No pictures should appear in the copy; otherwise retype the entries exactly.

*** Begin section ***

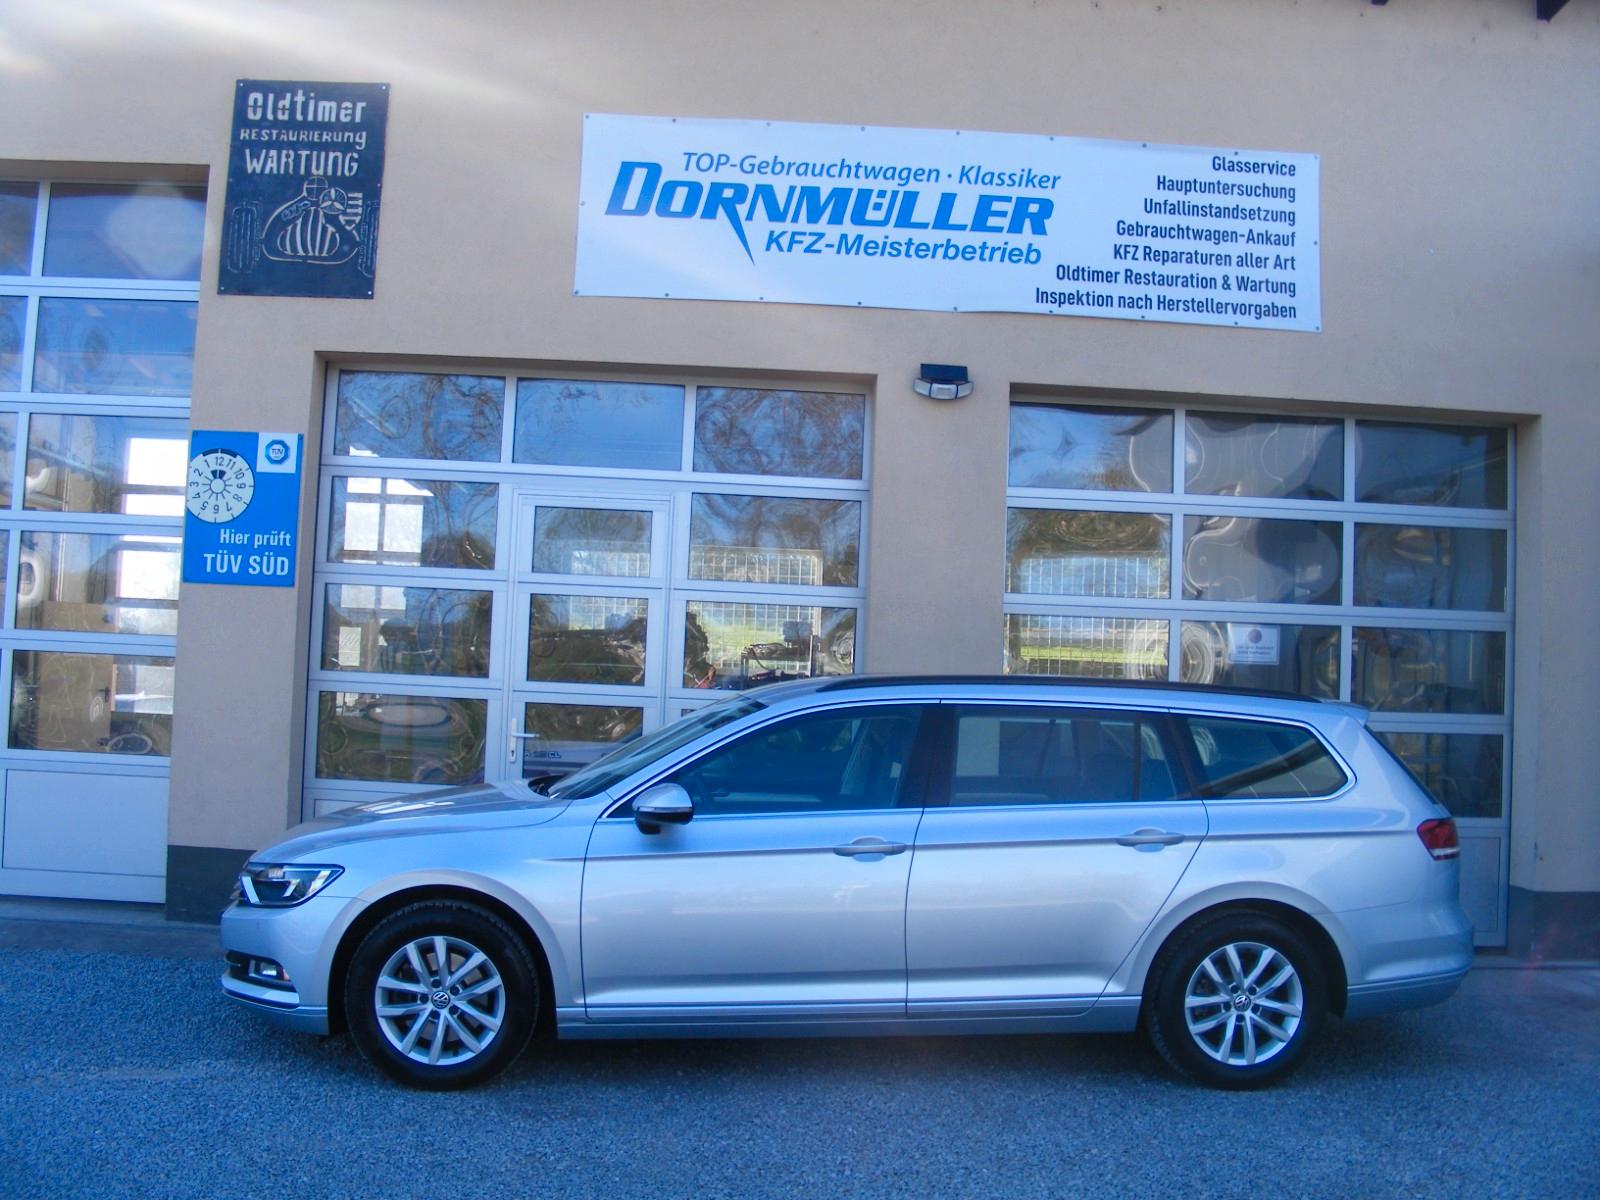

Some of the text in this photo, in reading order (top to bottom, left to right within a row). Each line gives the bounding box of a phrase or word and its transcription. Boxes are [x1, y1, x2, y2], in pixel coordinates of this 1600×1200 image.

[247, 89, 367, 123] Oldtimer
[683, 151, 1062, 190] TOP-Gebrauchtwagen Klassiker
[1212, 155, 1296, 177] Glasservice
[1157, 175, 1296, 203] Hauptuntersuchung
[1144, 198, 1296, 226] Unfallinstandsetzung
[1116, 220, 1296, 247] Gebrauchtwagen-Ankauf
[764, 230, 1042, 266] KFZ-Meisterbetrieb
[1113, 243, 1296, 271] KFZ Reparaturen aller Art
[1056, 264, 1296, 298] Oldtimer Restauration & Wartung
[1035, 288, 1296, 320] Inspektion nach Herstellervorgaben
[215, 456, 225, 466] 12
[233, 468, 245, 480] 10
[220, 528, 291, 549] Hier prüft
[203, 550, 289, 576] TÜV SÜD

*** End section ***

• _Response box_
Some of the text in this photo, in reading order (top to bottom, left to right within a row). Each line gives the bounding box of a phrase or word and its transcription. Boxes are [x1, y1, x2, y2], in pixel coordinates of this 1600×1200 image.

[247, 89, 367, 123] Oldtimer
[683, 151, 1062, 190] TOP-Gebrauchtwagen Klassiker
[1212, 155, 1296, 177] Glasservice
[1157, 175, 1296, 203] Hauptuntersuchung
[1144, 198, 1296, 226] Unfallinstandsetzung
[1116, 220, 1296, 247] Gebrauchtwagen-Ankauf
[764, 230, 1042, 266] KFZ-Meisterbetrieb
[1113, 243, 1296, 271] KFZ Reparaturen aller Art
[1056, 264, 1296, 298] Oldtimer Restauration & Wartung
[1035, 288, 1296, 320] Inspektion nach Herstellervorgaben
[215, 456, 225, 466] 12
[233, 468, 245, 480] 10
[220, 528, 291, 549] Hier prüft
[203, 550, 289, 576] TÜV SÜD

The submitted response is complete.